Surette wasn’t a fiddler, but that didn’t deter her. “I was so enamored of the music that my mom contacted him and was like, ‘Hey, I know you don’t teach fiddle, but could you please at least give her an understanding of that style of music? She’s really into it.’ He started working with me. I learned a bunch of tunes.”

Budington teaches violin and fiddle at CCMS, as does folk department chair Liz Faiella. Liz performs in a duo with her brother Dan, also a teacher and guitarist specializing in Celtic music. “When I was in my early teens I studied a lot of that music with David Surette at the music school,” Dan said in a Zoom meeting with Liz.

Dan pointed out other Celtic greats who lived here.

“Tommy Makem was in New Hampshire for a bunch of years, and Winifred Horan from Solas [at Portsmouth’s Music Hall on March 12],” he said. “There are a lot of really cool people who wanted a lower-key environment, and they wound up in New Hampshire.”

Another musician mentioned by many was Paddy Keenan, who spent several years here before moving back to Ireland.

“He’s probably the most well-known Irish piper in the world; he lived in Loudon,” Jim Prendergast, a guitarist and Celtic music producer who hosts Irish Matinee on Sundays at Stone Church, said recently.

Uilleann piper Anthony Santoro, who leads the weekly sessiun at Salt hill Pub in Lebanon, remembers Keenan performing at the home of Charlie Clarke and his wife, Mary Lou Philbin-Clarke, who sold Irish music books, CDs, videos and cassettes at their Loudon store, Ossian USA.

“They were called the Loft Concerts,” Santoro said by phone. “Whoever was touring through the area would stay with them, and anybody in New Hampshire, or anywhere willing to travel that distance, could come and see whoever was there. There were great players, and Paddy was one of them.”
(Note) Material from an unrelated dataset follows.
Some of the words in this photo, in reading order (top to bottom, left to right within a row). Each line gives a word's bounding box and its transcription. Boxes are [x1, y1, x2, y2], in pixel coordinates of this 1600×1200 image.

Santoro is now a partner in Ossian USA with Ruarri Serpa, who took over and runs the now web-based store from his home in Kennebunkport, Maine, but has Granite State roots. “I’ve been playing Irish Traditional Music since I was a kid in rural New Hampshire,” Serpa writes on Ossian’s website.

The thread continues with Roger Burridge, who was a fixture at Salt hill and led a sessiun at Manchester’s Shaskeen Pub before he passed away during Covid. Burridge was beloved throughout the state. “One of the finest fiddle players anywhere, not just New England,” Salt hill owner Josh Tuohy said in 2023.
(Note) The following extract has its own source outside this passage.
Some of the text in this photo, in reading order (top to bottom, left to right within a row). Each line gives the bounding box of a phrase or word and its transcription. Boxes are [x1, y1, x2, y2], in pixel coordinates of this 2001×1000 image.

elder man with mustache and beard sitting in dark room with microphones, playing guitar
David Surette. Courtesy photo.

Liz Faiella was studying at Dartmouth, with no plans for a music career, when she joined Burridge, Santoro and players like Roger Kahle and Randy Miller at Salt hill. “I just learned so much through that experience,” she recalled. “The sessiun scene is very often where you’re going to learn the most as an Irish musician.”
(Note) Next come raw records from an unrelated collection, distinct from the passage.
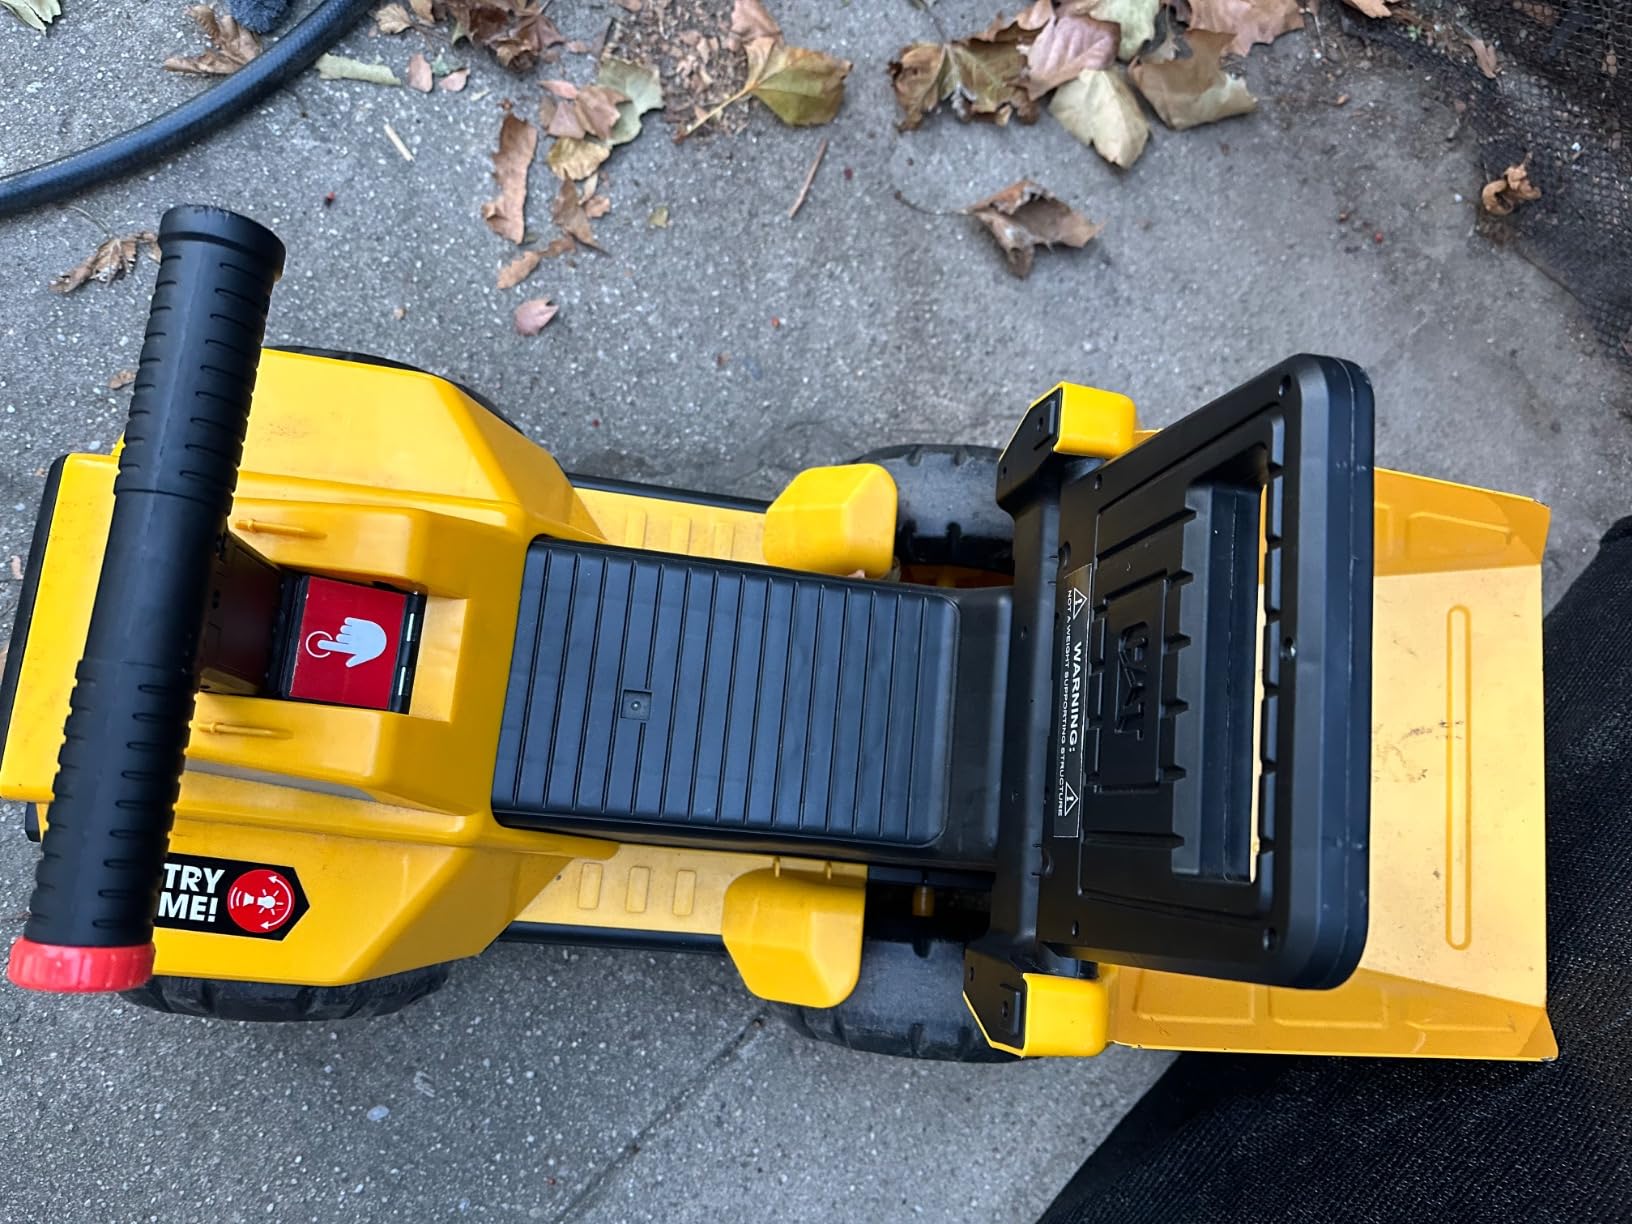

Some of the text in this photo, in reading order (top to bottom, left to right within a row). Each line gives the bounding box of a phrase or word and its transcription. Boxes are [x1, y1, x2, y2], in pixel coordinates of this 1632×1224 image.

[1061, 672, 1069, 745] SUPPORTING
[1069, 641, 1081, 753] WARNING:
[1057, 747, 1066, 817] STRUCTURE
[157, 891, 219, 922] ME!
[163, 862, 225, 894] TRY
Any short list of New Hampshire’s top Celtic players includes Jordan Tirrell-Wysocki. The fiddler was making his mark here before he was a teenager. Liz Faiella calls him an inspiration. “There was this wonderful fiddle contest at Eagle Square in Concord, and Jordan was the big kid who was always winning,” she recalled.

“I began when I was 8, and by the time I was 10 or 11 I was calling myself an Irish or Celtic fiddler,” Tirrell-Wysocki, who’s also a CCMS faculty member, said in a recent Zoom call. “Of all the New England-style dance music that I was learning, it was the Celtic tunes in particular that I was most interested in.”

Jordan T-W, as he’s known, has played in jam bands and lent his fiddle sound to a range of studio recordings, including the blistering “Devil Went Down to Boston” with Adam Ezra Band a few years back. On St. Patrick’s Day his trio performs at Salt hill Pub in Newport in the morning and does an evening showcase at BNH Stage.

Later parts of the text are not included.